### [DATA SHOWN]
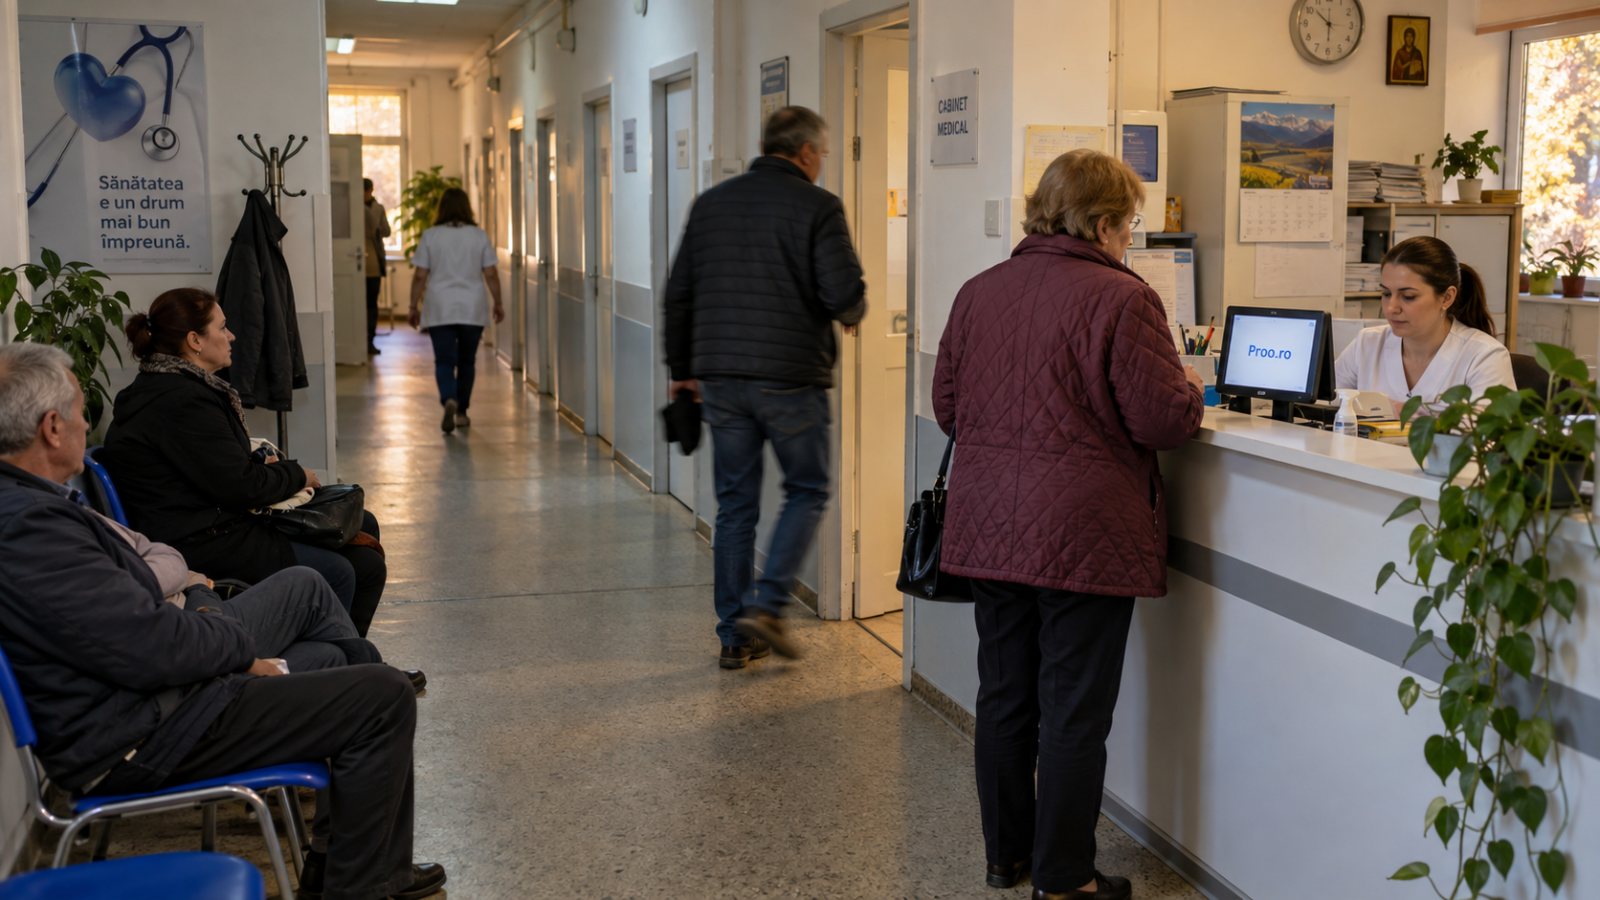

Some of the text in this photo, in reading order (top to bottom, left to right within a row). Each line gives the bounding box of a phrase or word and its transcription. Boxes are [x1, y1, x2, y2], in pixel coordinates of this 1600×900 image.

[1306, 6, 1314, 14] 10
[1346, 8, 1351, 16] 2
[1349, 21, 1353, 30] 3
[1314, 43, 1320, 52] 7
[1325, 47, 1330, 55] 6
[1337, 43, 1342, 53] 5
[938, 96, 968, 114] CABINET
[937, 120, 968, 136] MEDICAL
[99, 175, 184, 190] Sănătatea
[99, 195, 184, 209] e un drum
[101, 215, 170, 229] mai bun
[101, 234, 190, 252] împreună.
[1248, 345, 1292, 360] Proo.ro
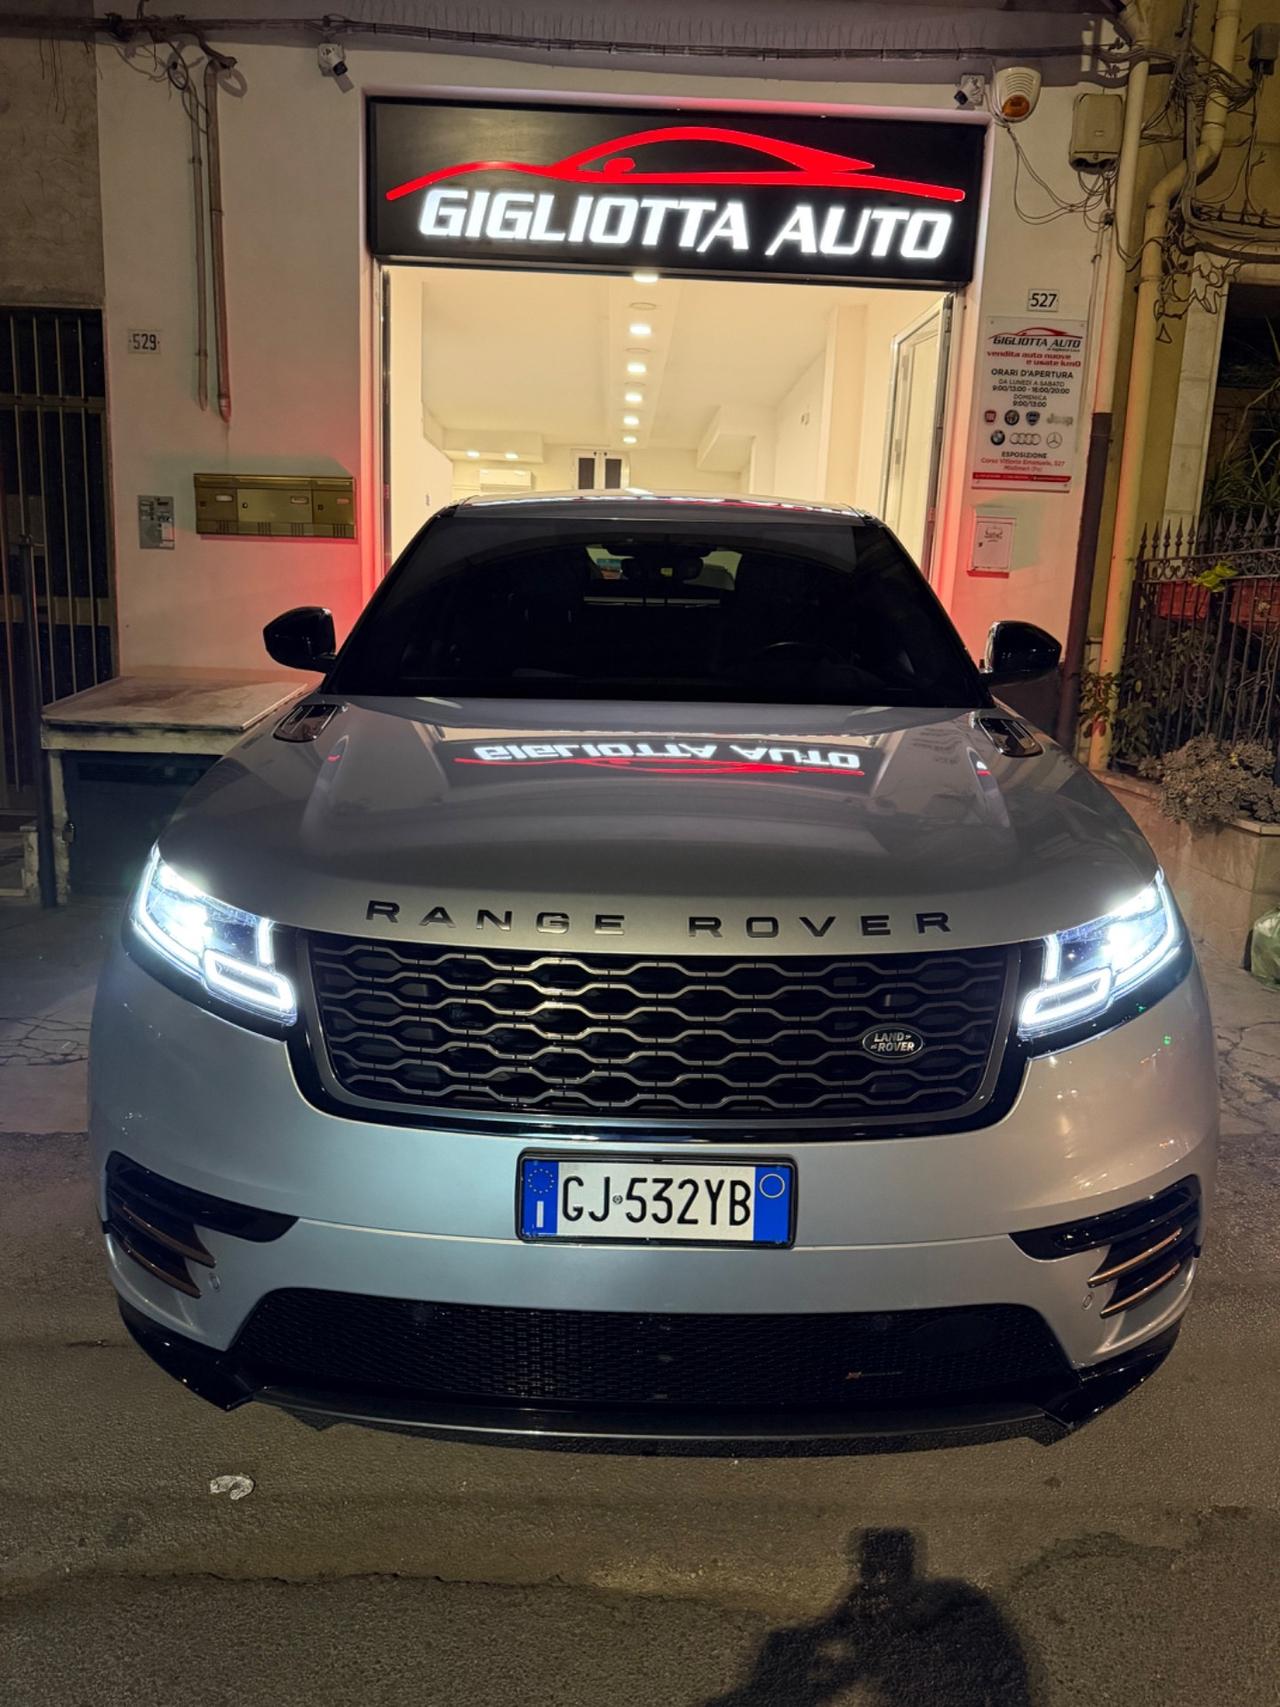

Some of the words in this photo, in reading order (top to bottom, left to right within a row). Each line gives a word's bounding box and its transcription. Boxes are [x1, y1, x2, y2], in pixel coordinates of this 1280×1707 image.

[418, 189, 750, 253] GIGLIOTTA
[765, 204, 953, 260] AUTO
[1030, 293, 1057, 308] 527
[132, 333, 157, 351] 529
[993, 336, 1047, 347] GIGLIOTTA
[1050, 339, 1081, 349] AUTO
[991, 368, 1018, 376] ORARI
[1021, 369, 1074, 379] D'APERTURA
[365, 900, 626, 935] RANGE
[688, 911, 952, 939] ROVER
[874, 1032, 905, 1043] LAND
[877, 1041, 915, 1052] ROVER

### [WHAT TO WORK ON]
The records above should be output exactly, but without any of their pictures.

### [TASK ANSWER]
Some of the text in this photo, in reading order (top to bottom, left to right within a row). Each line gives the bounding box of a phrase or word and its transcription. Boxes are [x1, y1, x2, y2], in pixel coordinates of this 1600×900 image.

[1306, 6, 1314, 14] 10
[1346, 8, 1351, 16] 2
[1349, 21, 1353, 30] 3
[1314, 43, 1320, 52] 7
[1325, 47, 1330, 55] 6
[1337, 43, 1342, 53] 5
[938, 96, 968, 114] CABINET
[937, 120, 968, 136] MEDICAL
[99, 175, 184, 190] Sănătatea
[99, 195, 184, 209] e un drum
[101, 215, 170, 229] mai bun
[101, 234, 190, 252] împreună.
[1248, 345, 1292, 360] Proo.ro

Some of the words in this photo, in reading order (top to bottom, left to right within a row). Each line gives a word's bounding box and its transcription. Boxes are [x1, y1, x2, y2], in pixel coordinates of this 1280×1707 image.

[418, 189, 750, 253] GIGLIOTTA
[765, 204, 953, 260] AUTO
[1030, 293, 1057, 308] 527
[132, 333, 157, 351] 529
[993, 336, 1047, 347] GIGLIOTTA
[1050, 339, 1081, 349] AUTO
[991, 368, 1018, 376] ORARI
[1021, 369, 1074, 379] D'APERTURA
[365, 900, 626, 935] RANGE
[688, 911, 952, 939] ROVER
[874, 1032, 905, 1043] LAND
[877, 1041, 915, 1052] ROVER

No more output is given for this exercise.